Morphological evolution often involves significant and discontinuous phenotypic changes despite small genetic variation. The nonlinear relationship between genotype and phenotype (G-P map) challenges traditional quantitative genetics. One key factor contributing to this nonlinearity is the developmental process, including diverse patterning and dynamic tissue deformation. Understanding the G-P map in the context of developmental processes is crucial for elucidating morphological evolution. The diverse molar morphologies of seals provide a good example, a previous study investigated their evolutionary dynamics by combining simulations and morphometric analyses [1].
In this study, we attempted to understand the G-P map structure by exploring the relationship between developmental processes and three-dimensional (3D) morphologies, focusing on seal molars. Using the morphological simulator ToothMaker [2], we generated various 3D morphologies of molar through exploration of eight key parameters of 26 parameters. Generalized Procrustes analysis was applied to quantify the generated 3D shapes and construct an empirical morphospace. Our results showed that the parameter Down growth (Dgr) had minimal impact on 3D morphology and the certain regions within the morphospace could not be occupied by varying these eight parameters.

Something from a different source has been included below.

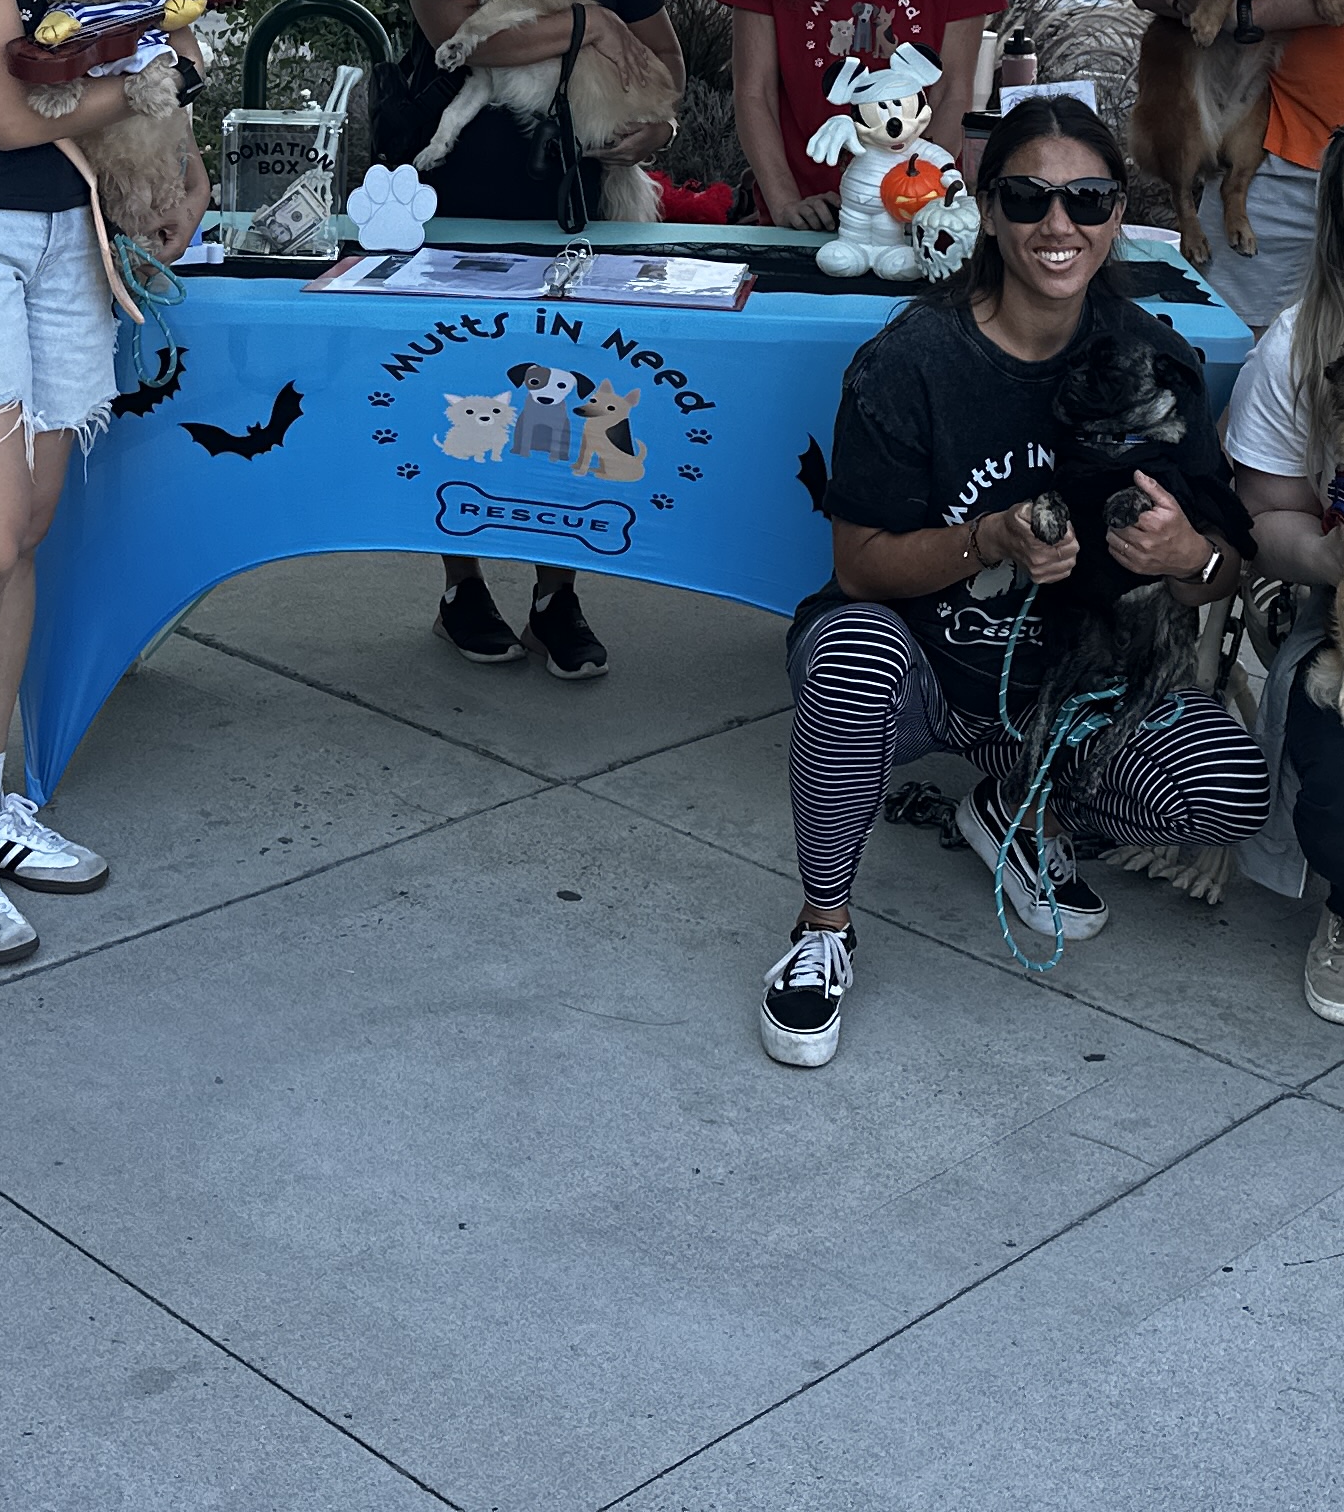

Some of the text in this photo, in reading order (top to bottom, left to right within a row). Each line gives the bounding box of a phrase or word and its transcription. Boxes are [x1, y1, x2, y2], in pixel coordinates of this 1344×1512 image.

Future work will involve 3D measurements and quantitative evaluations of actual seal molars. We aim to better understand the G-P map structure by comparing these empirical and computational results.

[1] Isaac Salazar-Ciudad and Jukka Jernvall, A computational model of teeth and the developmental origins of morphological variation, Nature 464 (2010), no. 7288, 583–586.
[2] Isaac Salazar-Ciudad and Miquel Marin-Riera, Adaptive dynamics under developmentbased genotype–phenotype maps, Nature 497 (2013), no. 7449, 361–364.